In the historiography of Czechoslovakia under Communist Party rule, civil society is both present and absent. Authors claim either that there was no civil society at all, or that it existed only in inchoate form. In the first instance, then, the absence of civil society is taken as a definitional feature of the authoritarian or totalitarian regime; in the second instance, civil society appears as a result of struggles against the ruling regime, especially during the Prague Spring, which was characterized by a renewal of independent social organization and by the articulation of civic-political demands (for example, by the so-called Club of Engaged Non-Party Members). In both these cases, the notion of civil society is itself invoked uncritically by historians, employed in the term's liberal sense, alongside terms like "democracy" and "human rights," without consideration for how the term was understood in the context of the 1960s. But the notion of civil society was in fact intensively discussed at the time by Czech and Slovak writers, philosophers, and legal scholars. In addition to Miroslav Kusý and Zdeněk Mlynář, whose writings we reprint below, other important theoretical contributions were made by Michal Lakatoš and František Šamalík. All these authors reacted to the preceding, Stalinist period, but they did not seek to replace Stalinism with Western-style liberal democracy.
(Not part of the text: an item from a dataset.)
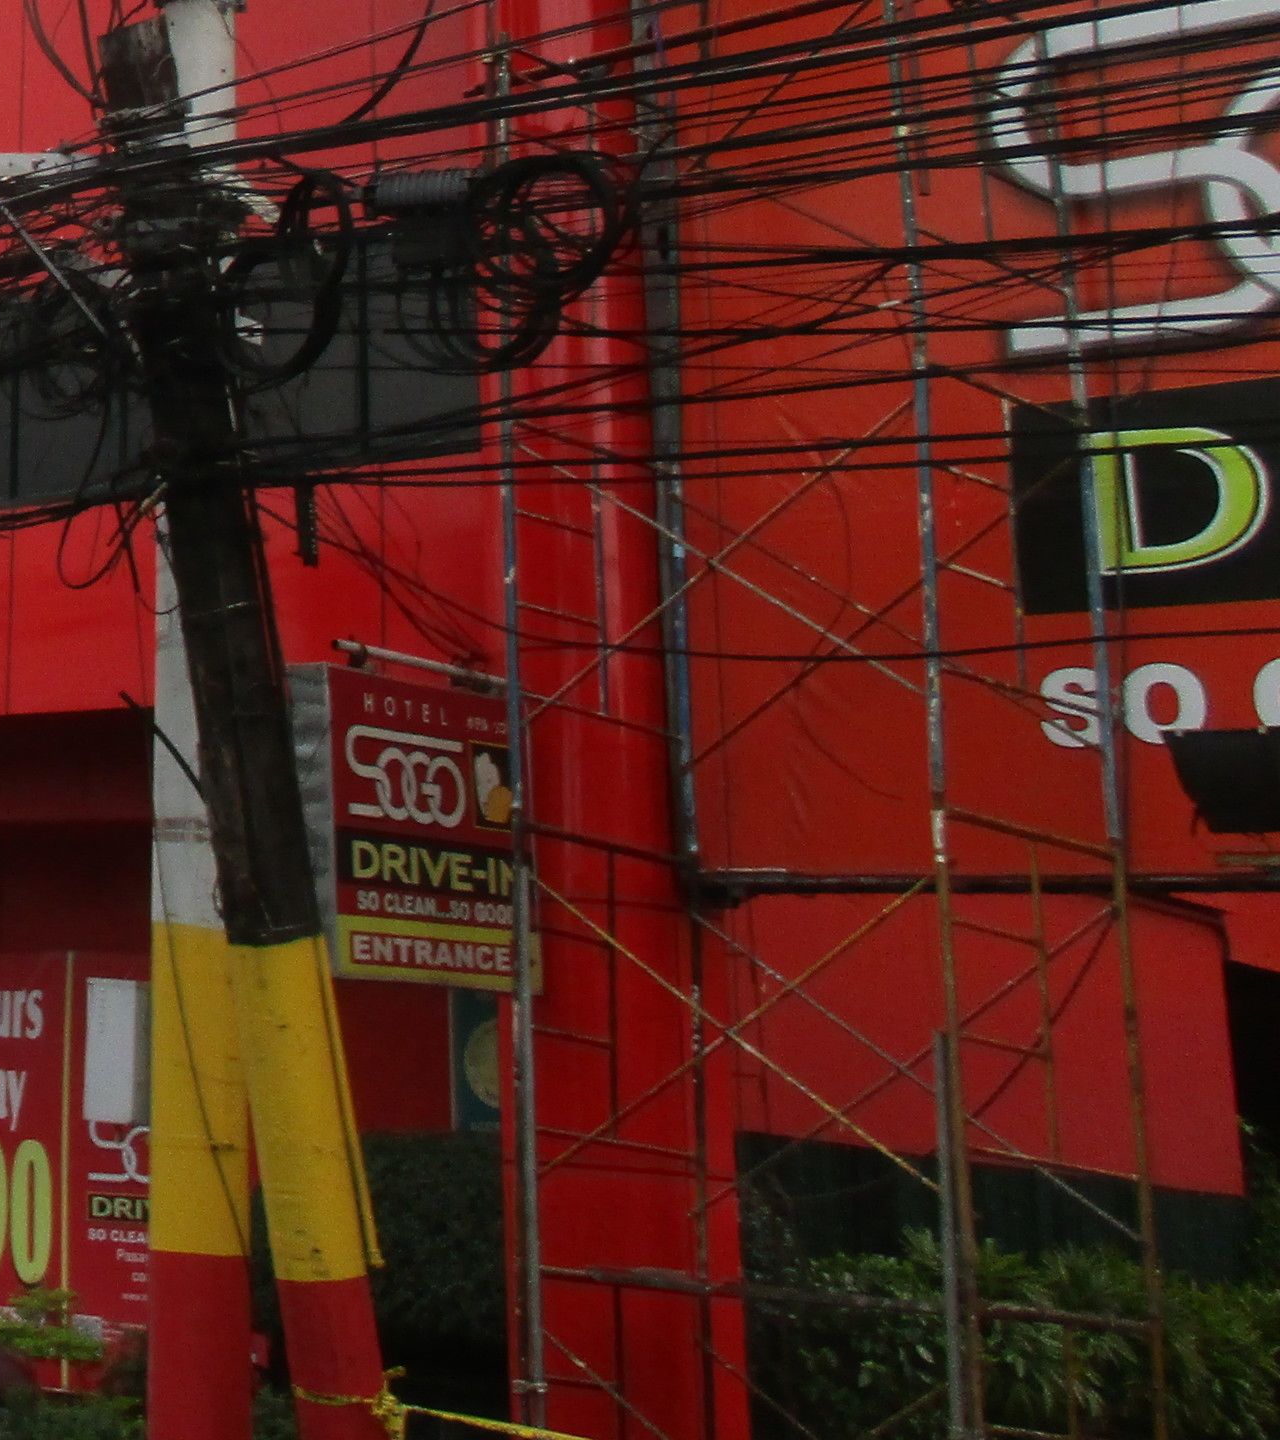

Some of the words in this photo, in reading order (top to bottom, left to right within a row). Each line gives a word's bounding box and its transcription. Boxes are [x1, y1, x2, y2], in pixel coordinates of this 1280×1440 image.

Rather, within the framework of Marxism, they formulated models for a new, socialist democracy, in which citizens would be dominated neither by the state nor by the market, and the individual would not be strictly divided between a political and social self. The notions of civil society they developed were, accordingly radically distinct from the notions typically applied by historians looking back on 1960s Czechoslovakia.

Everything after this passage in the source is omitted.